Again, all help is appreciated! I have an arborist coming out to give me a quote/assessment, but I'd like to take care of the problem myself, if possible.

Thanks all.


----------



## Ed Roland (Aug 13, 2008)

Well, there's your problem. The tree is mighty stressed from having a portion of the trunk section in contact with moisture holding soil/mulch. The roots can withstand extended periods of moisture that will rot the trunk. 

This is likely the primary stress that has allowed an opportunistic pest to take hold. Chemical barriers will _help_ to discourage the borer issue but treatment MUST begin by removing the offending soil to expose the buttress flare.

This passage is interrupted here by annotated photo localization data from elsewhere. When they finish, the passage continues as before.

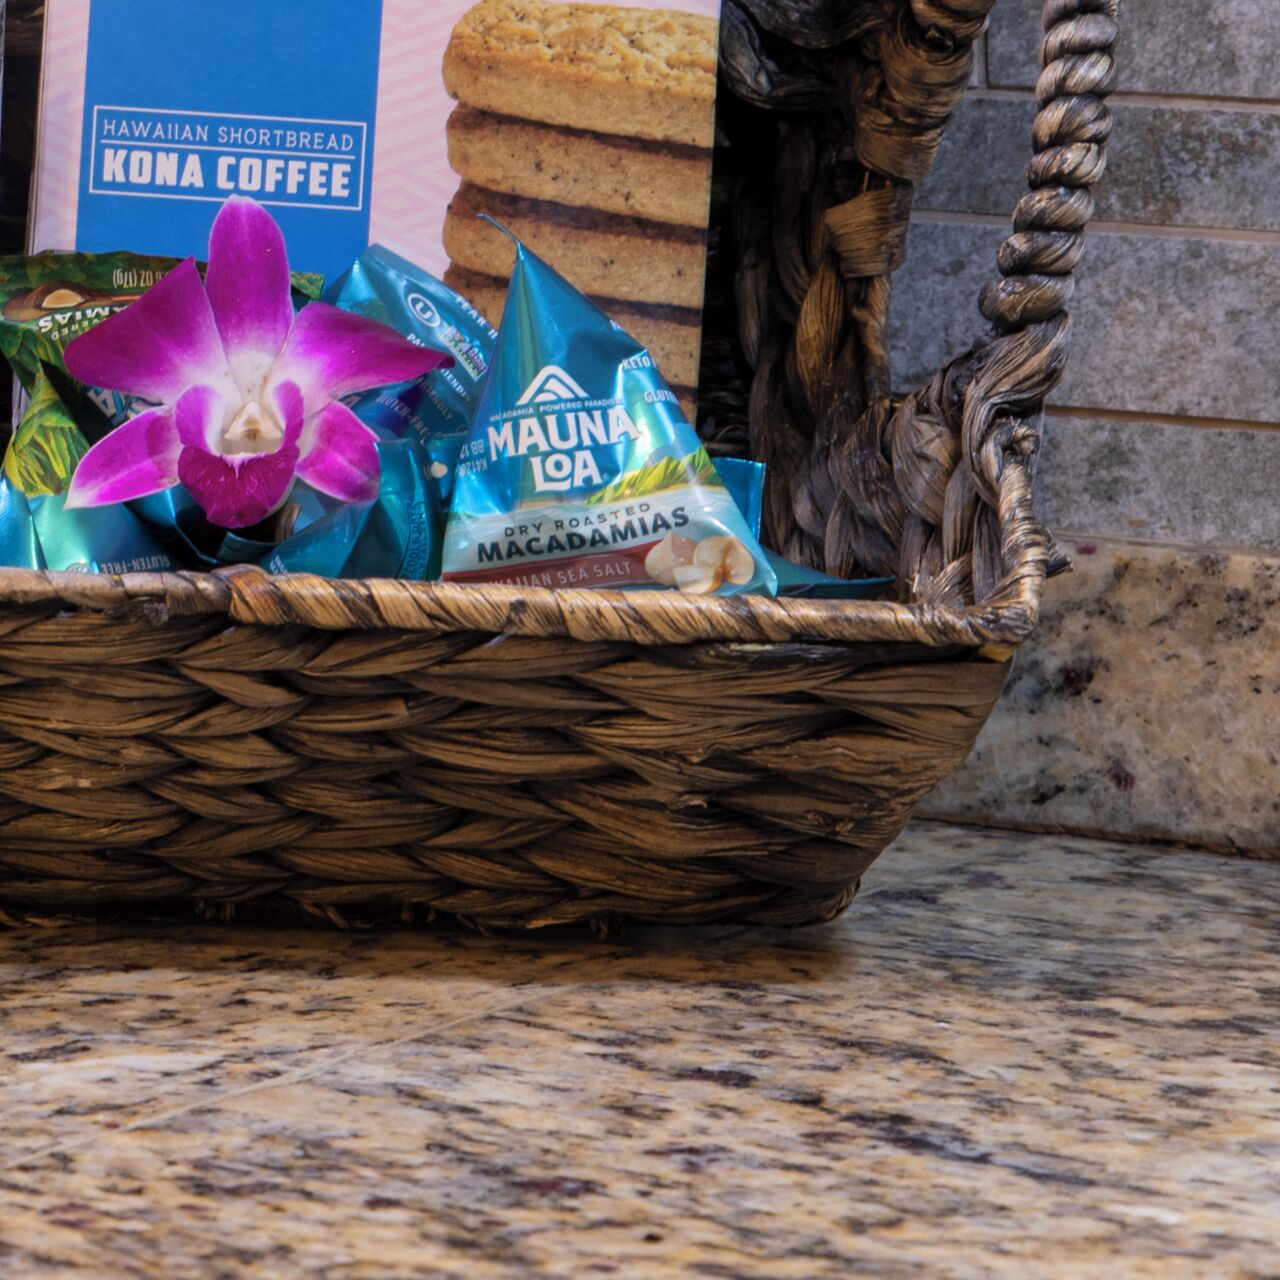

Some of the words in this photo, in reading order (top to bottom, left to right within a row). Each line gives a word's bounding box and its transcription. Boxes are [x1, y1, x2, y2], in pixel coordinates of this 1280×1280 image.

[103, 119, 209, 143] HAWAIIAN
[218, 126, 354, 152] SHORTBREAD
[103, 148, 204, 188] KONA
[216, 156, 352, 197] COFFEE
[113, 268, 138, 289] (17g)
[140, 270, 153, 287] OZ
[623, 357, 651, 371] KETO
[539, 401, 582, 412] POWERED
[487, 408, 641, 462] MAUNA
[529, 449, 604, 492] LOA
[477, 506, 689, 563] MACADAMIAS
[504, 522, 543, 538] DRY
[555, 503, 651, 530] ROASTED
[101, 555, 171, 574] GLUTEN-FREE
[557, 569, 589, 585] SEA
[595, 562, 632, 578] SALT
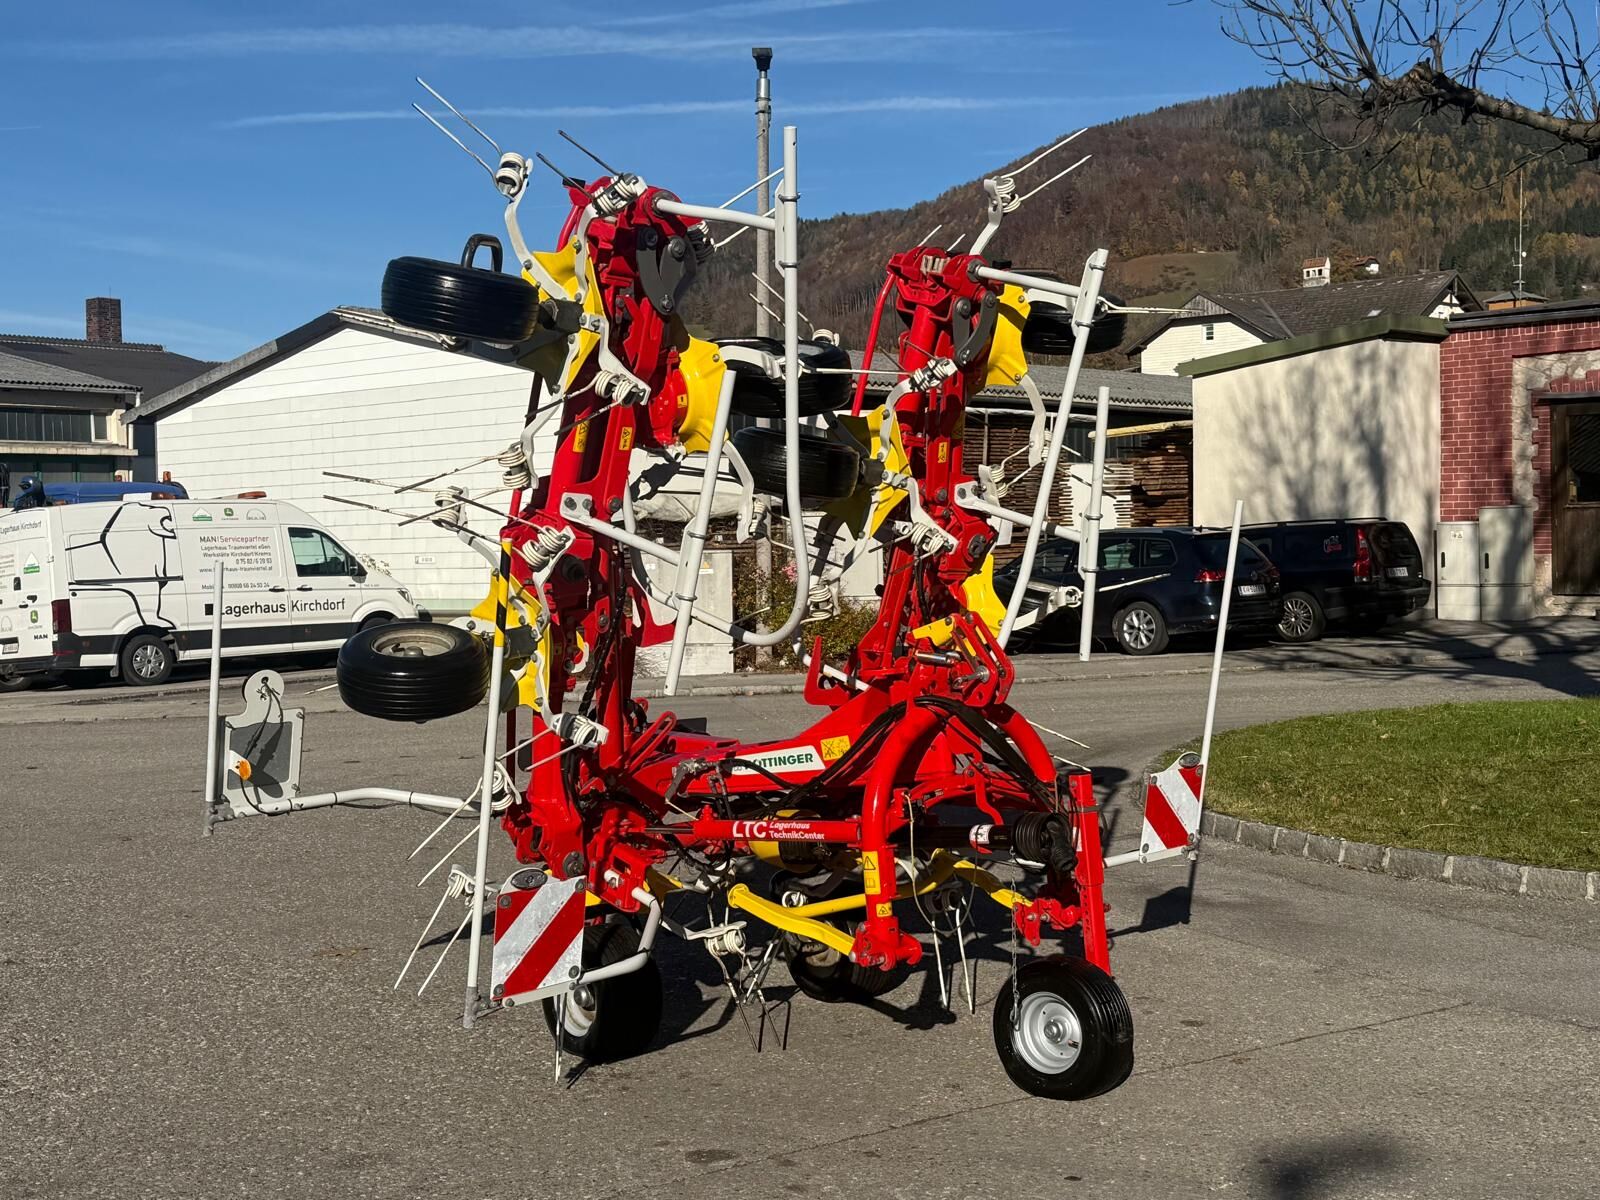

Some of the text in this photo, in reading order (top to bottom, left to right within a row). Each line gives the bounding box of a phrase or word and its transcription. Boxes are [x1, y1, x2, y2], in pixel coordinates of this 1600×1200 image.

[291, 598, 346, 612] Kirchdorf
[732, 820, 810, 839] LTC Lagerhaus
[769, 830, 825, 840] TechnikCenter
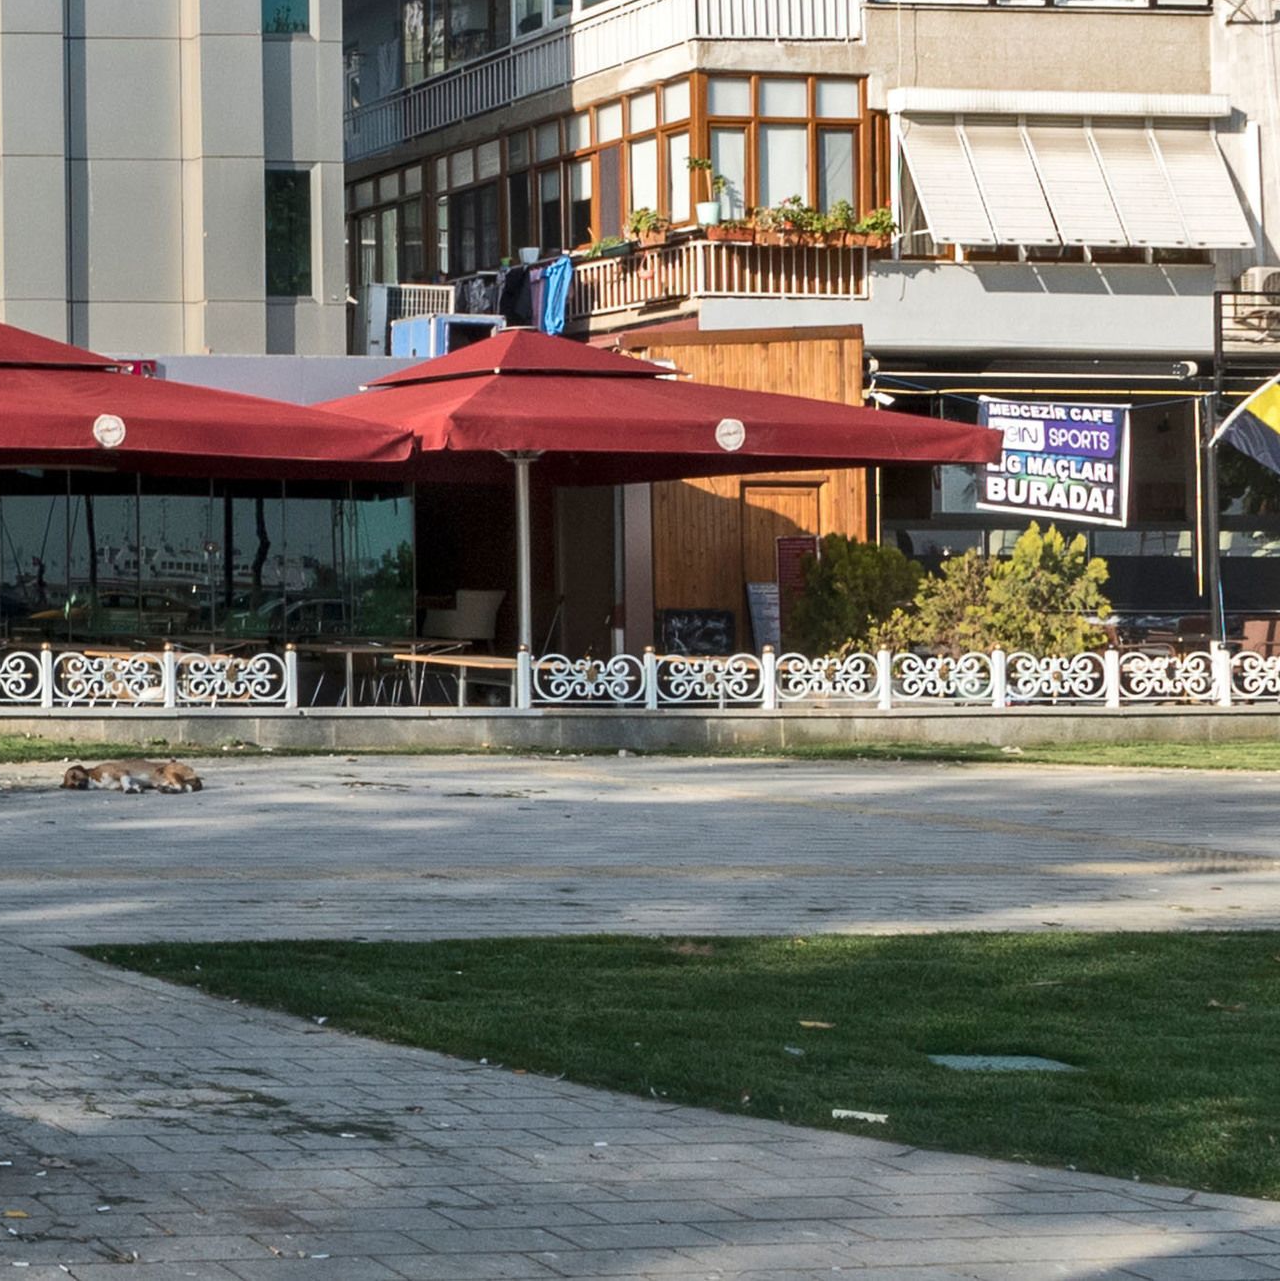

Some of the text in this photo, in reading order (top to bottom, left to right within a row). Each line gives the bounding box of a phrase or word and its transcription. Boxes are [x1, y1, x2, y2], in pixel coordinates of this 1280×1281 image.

[988, 403, 1114, 423] MEDCEZİR CAFE
[1048, 427, 1110, 451] SPORTS
[1027, 456, 1114, 483] MAÇLARI
[986, 476, 1115, 514] BURADA!

The pro you have coming out should be ISA certified with a state pesticide applicators license. He/she will likely leave with a soil sample to determine ph and fertility. Expect a recommendation for chemical treatment and root collar excavation.

While you can perform the root X, with some research on proper technique, the insecticide should be applied by a licensed pro. 

Do not fertilize this plant.


----------



## foolin210 (Aug 14, 2008)

Excellent, thanks for the advice!


----------



## treeseer (Aug 14, 2008)

treeseer said:


> Remove the mulch and soil ***and circling roots***from the stem, and take a picture of the big roots growing away from the stem.



Go ahead, it won't hurt.


----------



## Urban Forester (Aug 16, 2008)

The way that trunk/bark "corkscrews" into the ground I would suspect a girdling root. Beetles are drawn to "easy targets".


----------



## Ed Roland (Aug 17, 2008)

Urban Forester said:


> The way that trunk/bark "corkscrews" into the ground I would suspect a girdling root. Beetles are drawn to "easy targets".



"But why should the tree spiral? More speculation here: Foliage tends to be thicker on the south side of the tree because of better sunlight. Prevailing winds, in most of the tree-growing northern hemisphere, are from the west. Combine these factors, and the westerly wind pushing on the thicker south side of the tree, year after year, causes an asymmetrical wind loading which slowly twists the tree around in the observed direction" Larry Gedney

It would be interesting knowing the tree site/orientation to said factors.


----------



## treeseer (Aug 17, 2008)

"there are a couple overwraps on the front, which have been there for years."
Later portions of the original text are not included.